De Jackson is a poet, a parent, and a Pro Crastinator of the greatest order. Her poetic life is often hyphen
-ate(d) by the realities of raising two young teenagers, as well as freelance copywriting and editing projects about such important things as public transportation, ministry, and the inevitable mayhem of overwatering your lawn. De writes daily at www.whimsygizmo.wordpress.com.
Tahoe Shot

Today at The Bar, I want us to get enamored with enjambment.

Pronounced: (en-JAM-ment)

Officially, (according to poetryarchive.org):
“Enjambment is the continuation of a sentence or clause over a line-break. If a poet allows all the sentences of a poem to end in the same place as regular line-
breaks, a kind of deadening can happen in the ear, and in the brain too, as all the thoughts can end up being the same length.”

Simply put, enjambment occurs when a phrase carries over a line-break without a major pause. In French, the word means “straddling.” Imagine a word or phrase straddling across the lines or spacing of the poem. Perfect, right? When you read an enjambed line, it encourages you to keep reading without stopping for a breather, as it were.

Particularly with traditional poems, each line was usually its own thought, and rhymes were often predictable and rhythmic (end-stopped).

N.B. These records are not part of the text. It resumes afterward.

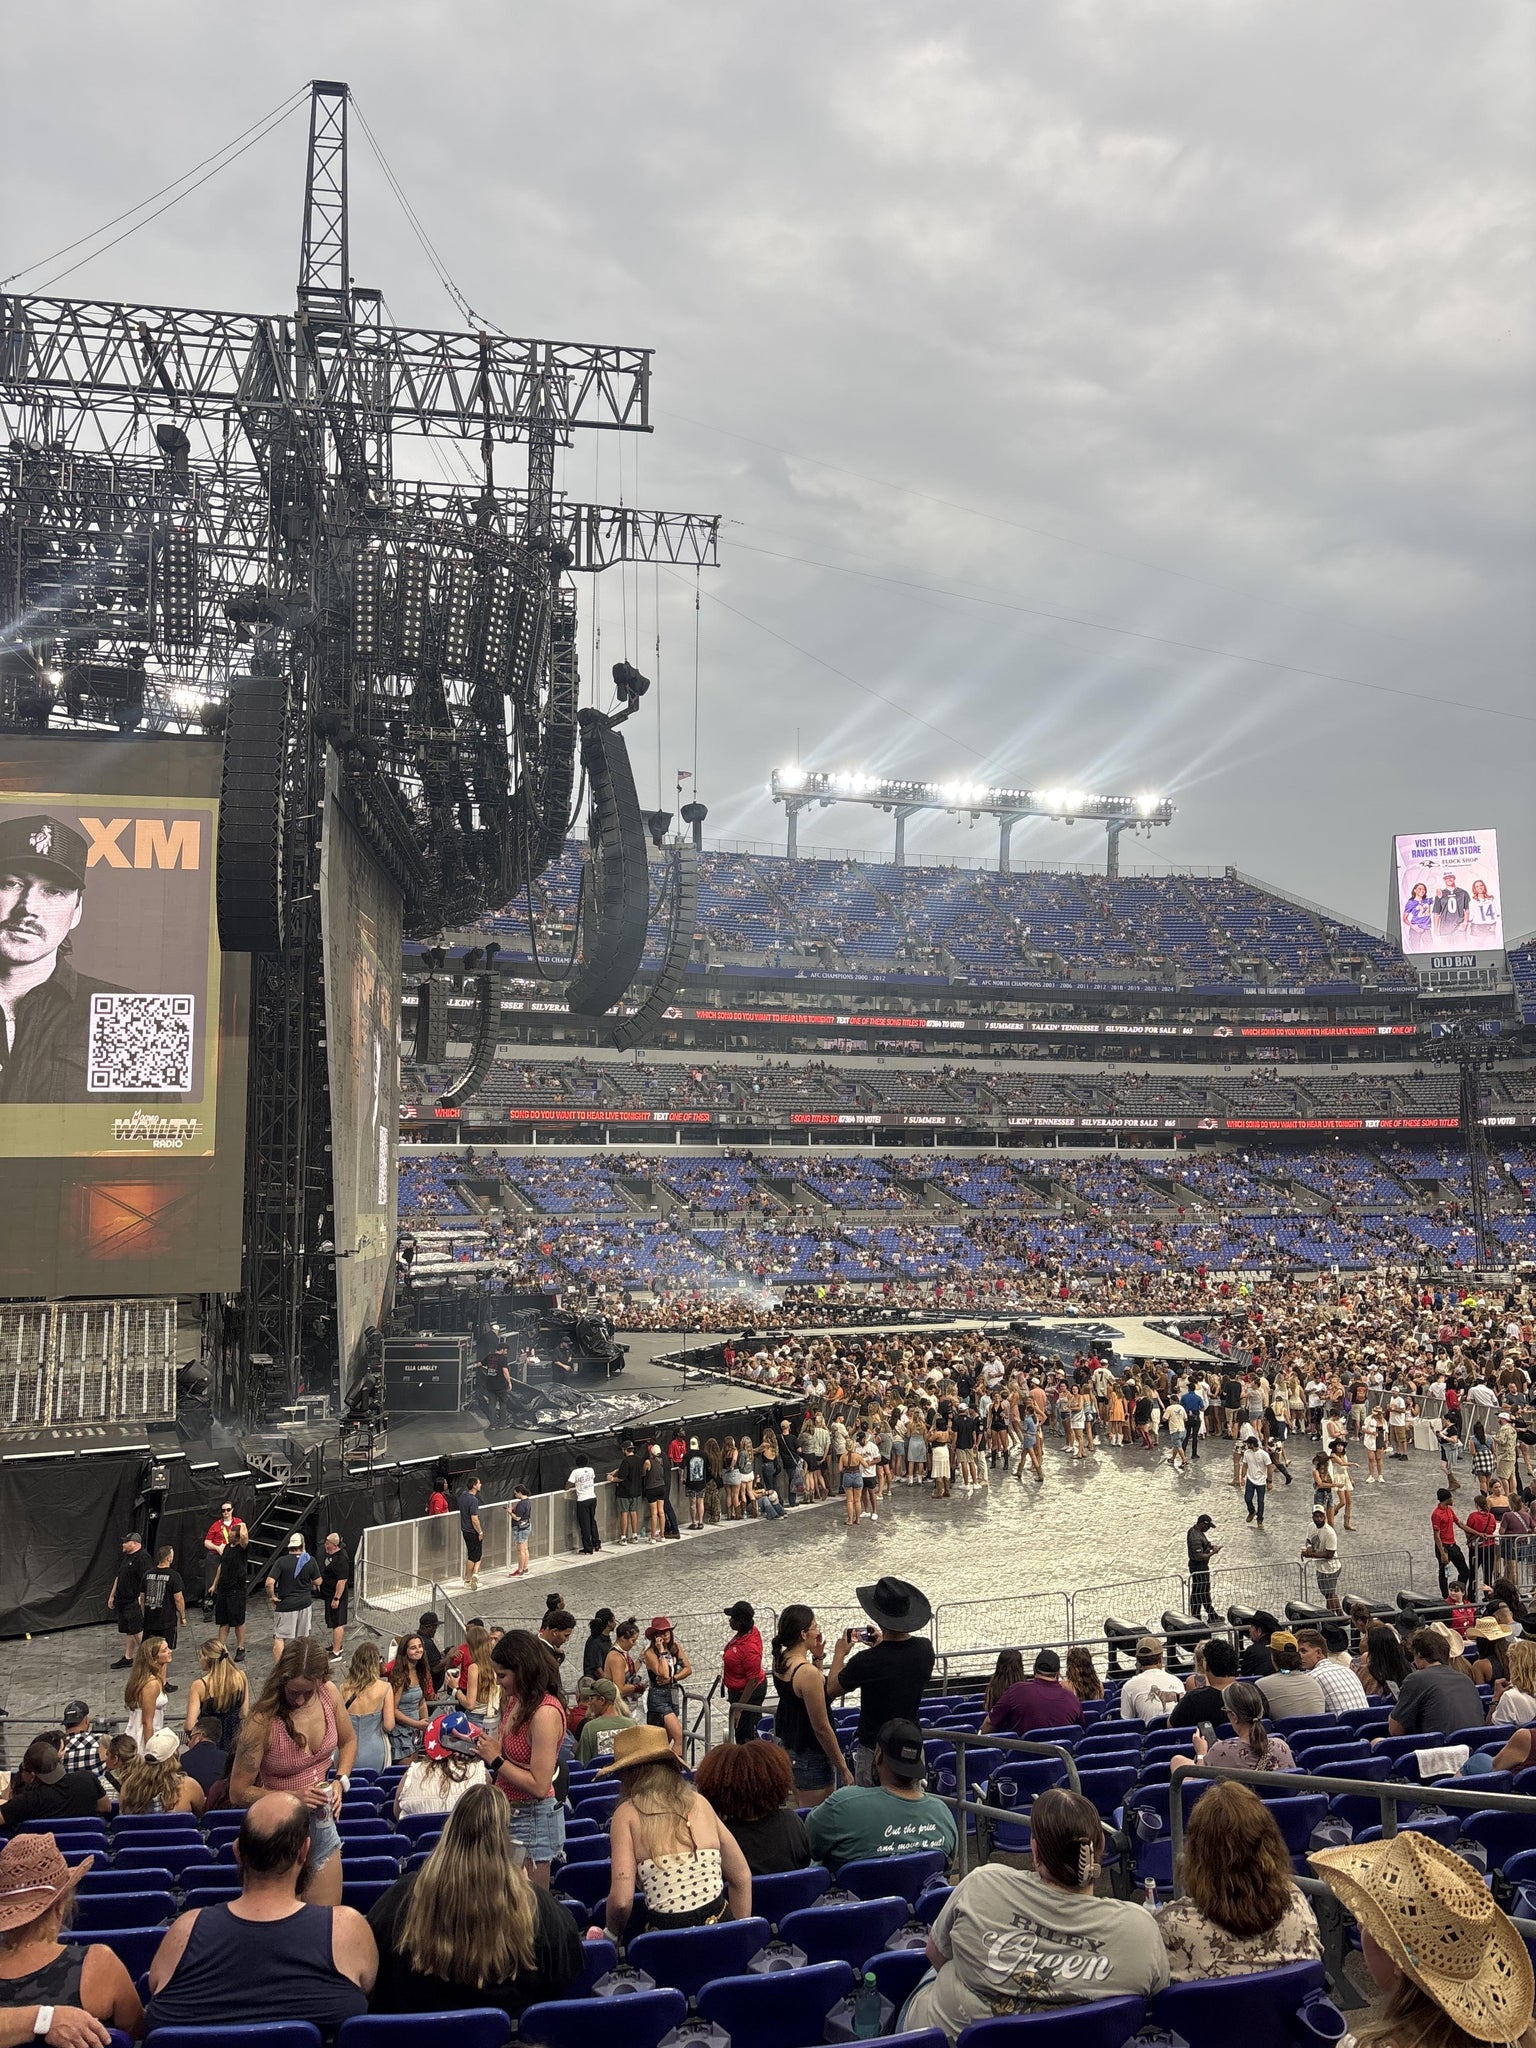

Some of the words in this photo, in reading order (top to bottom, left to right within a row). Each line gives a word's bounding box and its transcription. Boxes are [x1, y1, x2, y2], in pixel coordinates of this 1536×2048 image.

[78, 817, 200, 870] XM
[1415, 839, 1433, 848] VISIT
[1434, 838, 1447, 847] THE
[1448, 835, 1477, 846] OFFICIAL
[1412, 848, 1438, 858] RAVENS
[1439, 847, 1458, 856] TEAM
[1460, 845, 1481, 855] STORE
[1447, 897, 1457, 914] 0
[1479, 903, 1495, 921] 14
[527, 955, 550, 963] WRLD
[1434, 957, 1453, 968] OLD
[1455, 956, 1474, 967] BAY
[435, 1109, 461, 1118] WHICH
[510, 1110, 529, 1119] SONG
[530, 1110, 540, 1119] DO
[541, 1110, 555, 1119] YOU
[556, 1111, 576, 1120] WANT
[577, 1111, 586, 1120] TO
[587, 1111, 604, 1120] HEAR
[605, 1111, 619, 1120] LIVE
[620, 1112, 651, 1121] TONIGHT?
[653, 1112, 669, 1121] TEXT
[669, 1112, 682, 1121] ONE
[683, 1112, 692, 1121] OF
[795, 1115, 811, 1123] SONG
[811, 1115, 829, 1123] TITLES
[830, 1115, 838, 1123] TO
[855, 1115, 863, 1124] TO
[1034, 1118, 1075, 1126] TENNESSEE
[1226, 1120, 1245, 1128] WHICH
[1246, 1120, 1260, 1128] SONG
[1261, 1120, 1268, 1128] DO
[1268, 1120, 1280, 1128] YOU
[1280, 1120, 1297, 1128] WANT
[1298, 1120, 1306, 1128] TO
[1306, 1120, 1321, 1128] HEAR
[1322, 1120, 1334, 1128] LIVE
[1335, 1119, 1363, 1127] TONIGHT?
[1365, 1119, 1379, 1127] TEXT
[1380, 1119, 1392, 1127] ONE
[1393, 1119, 1402, 1127] OF
[1402, 1119, 1421, 1127] THESE
[1421, 1119, 1438, 1127] SONG
[1439, 1119, 1459, 1127] TITLES
[1488, 1117, 1497, 1125] TO
[113, 1118, 198, 1141] WALLEN
[153, 1140, 184, 1148] RADIO
[1098, 1371, 1104, 1382] 7
[884, 1824, 902, 1838] Cut
[903, 1823, 917, 1834] the
[918, 1823, 937, 1835] price
[876, 1842, 895, 1852] and
[897, 1842, 920, 1850] move
[922, 1839, 929, 1847] it
[930, 1835, 946, 1847] out!
[1009, 1912, 1106, 1955] RILEY
[981, 1930, 1115, 1985] Green

Check out these examples from Wiki, for poets who bucked that traditional trend:

The start of The Waste Land by T.S. Eliot, with only lines 4 and 7 end-stopped:

April is the cruellest month, breeding
Lilacs out of the dead land, mixing
Memory and desire, stirring
Dull roots with spring rain.
Winter kept us warm, covering
Earth in forgetful snow, feeding
A little life with dried tubers.

These lines from Shakespeare’s The Winter’s Tale are heavily enjambed:

I am not prone to weeping, as our sex
Commonly are; the want of which vain dew
Perchance shall dry your pities; but I have
That honourable grief lodged here which burns
Worse than tears drown.

Meaning flows as the lines progress, and the reader’s eye is forced to go on to the next sentence. It can also make the reader feel uncomfortable or the poem feel like “flow-of-thought” with a sensation of urgency or disorder. In contrast, the following lines from Romeo and Juliet are completely end-stopped:

A glooming peace this morning with it brings.
The sun for sorrow will not show his head.
Go hence, to have more talk of these sad things.
Some shall be pardon’d, and some punishèd.

Endymion by John Keats, lines 2-4:

Its loveliness increases; it will never
Pass into nothingness; but still will keep
A bower quiet for us…

(Oh! This one is a favorite, for me):

Enjambment may be used in light verse, such as to form a word that rhymes with “orange”, as in this example by Willard Espy, in his poem The Unrhymable Word:

Orange:

The four eng-
ineers
Wore orange
brassieres.

Enjambment is a way to give your lines variable lengths, create audible interest within a poem, and to emphasize certain words, phrases, or even rhyme schemes. A master at enjambment, one of my favorite poets, was E.E. Cummings. Check this one out:

ee-cummings

Come Jamb with Us.
Today at The Bar, I invite you to do some jambin’ of your own. If you normally give each line in your poems an endstop (especially with rhyme), today simply allowing your lines to spill where they may (it’s okay, they won’t wander too far!)
If you rarely give lines an endstop, go one step further, and play. You might break a word in half, just for the fun of it. Sprinkle some hyphens in. Bundle up some brackets and see what they want to embrace.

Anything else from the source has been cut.